Edgar Mittelholzer's social realist novel set in a Port of Spain office in a Trinidad on the cusp of social change offers some useful insights on Trinidadian society and the author's own views on race, class, gender, sexuality, identity, and the human condition. Incorporating himself into A Morning at the Office and "telescopic objectivity," Mittelholzer's novel uses an inventive narrative framework to tie the racially diverse employees of the company into broader trends in Trinidadian society, not to mention objects that trigger memories and futures for the characters while reaffirming the objectification of individuals by their racial, gender, sexual, and class positions. Furthermore, Mittelholzer positions himself in opposition to some of the burgeoning forms of "faddist" nationalism that was evolving in Trinidad and the rest of the British West Indies at the time. Instead of valorizing Caribbean folklore or traditions from the plantation and African past, Arthur, a character presumably representing Mittelholzer as much as Mortimer Barnett, argues for an essentially Western orientation of the West Indian, a sentiment often expressed in his With a Carib Eye

But the real emphasis in A Morning at the Office concerns the multiple layers of social stratification in Trinidad and its "caste-like" system of subjugation. Of course, the order so adeptly described and satirized here (not to mention in the works of V.S. Naipaul or the tragicomic moments in Shiva Naipaul's work) is in flux because of growing anti-colonial sentiment, the labor movement, and black and Indian social mobility, but it is seen through the eyes of Portuguese, Spanish, English, black working-class, coloured middle-classes and gendered perspectives in the office of a company that is tied to larger themes of economics and labor in late colonial Trinidad. Each character broadly represents their social groups and the various nuances of the racial categories thrust upon them. And each character is haunted by something they cannot, for reasons of respectability, status, or happiness, attain. Each character likewise must confront their own class and racial biases in the office, with the top positions always given to whites while mixed-race members of the professional and political strata continue to look down on Indians and blacks who in turn have their own nuances (such as the wealthy creolized family of Miss Bisnauth versus the poor Jagabir who is never allowed to forget his origins on the sugar cane estates). 

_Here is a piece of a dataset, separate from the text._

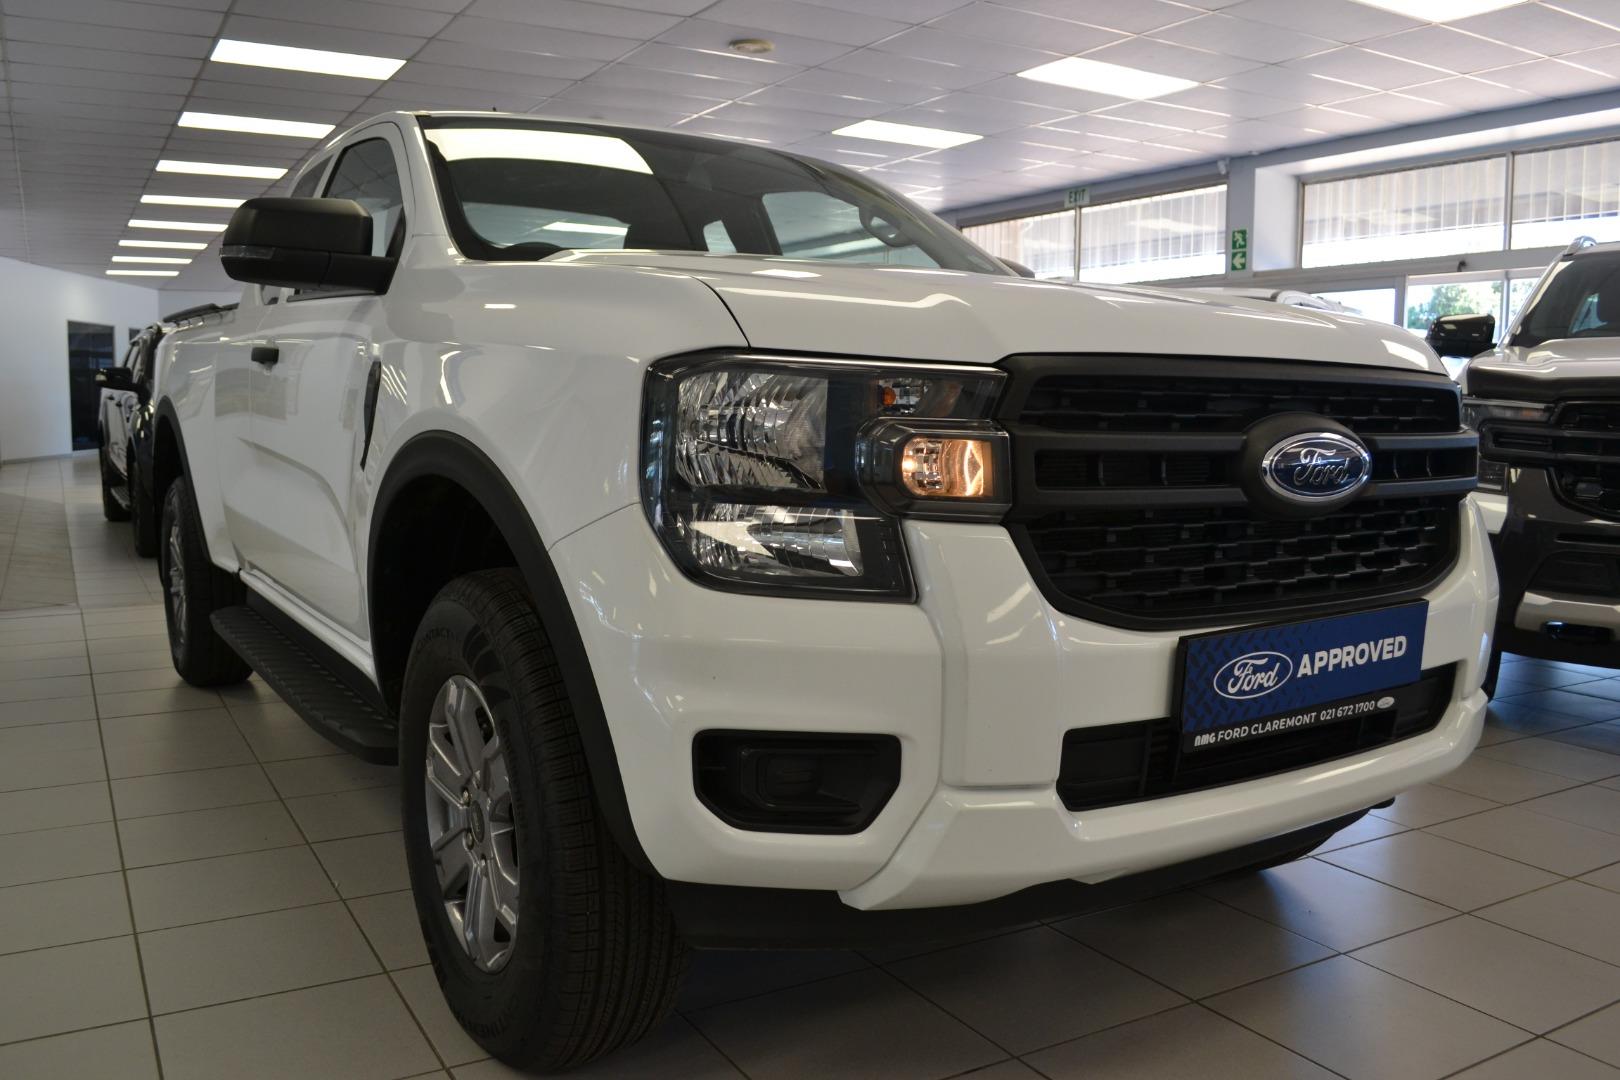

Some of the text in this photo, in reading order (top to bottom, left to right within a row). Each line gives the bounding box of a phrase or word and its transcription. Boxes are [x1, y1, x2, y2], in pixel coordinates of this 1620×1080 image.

For Horace Xavier, the poor black office boy hopelessly in love with the mixed-race Miss Hinckson from a respectable and influential family, his ambitious plans for the future, intelligence, and large-scale changes in Trinidadian society in the 1940s and 1950s will only propel him while the others must make sense of their different predicaments that block the road to happiness. For some, it is a question of interracial romance or forbidden love that is unacceptable to their families or society. In the case of others, it is thwarted hopes of success in writing, children, social climbing, or, as in the case of some English living in Trinidad, returning to Europe due to racism against the local population or a feeling of disdain and disgust at how white skin rewards mediocrity in a colonial context. Mittelholzer, with great humor and compassion, explores the minds of each of these characters during a few hours at the office and as much as the racialized class system appears rigid, the assertion of Horace, the career steps of Jagabir, or the promise of West Indian literature as exemplified in Barnett foreshadow the changes in Trinidadian social relations to come. 

Tuesday, October 11, 2016

Calypso Sketches



A personal favorite from one of the greats of 1960s UK jazz. Jamaican-born Joe Harriott was something like the Ornette Coleman across the pond who arrived at similar 'freedoms' in jazz simultaneously. Although not as 'out there' as Coleman, musicians like Harriott or the numerous South African jazz musicians working in the UK since the 1960s added some much needed spice and to British jazz. Sure, it's not "St. Thomas," but the frantic drumming is reminiscent of Max Roach.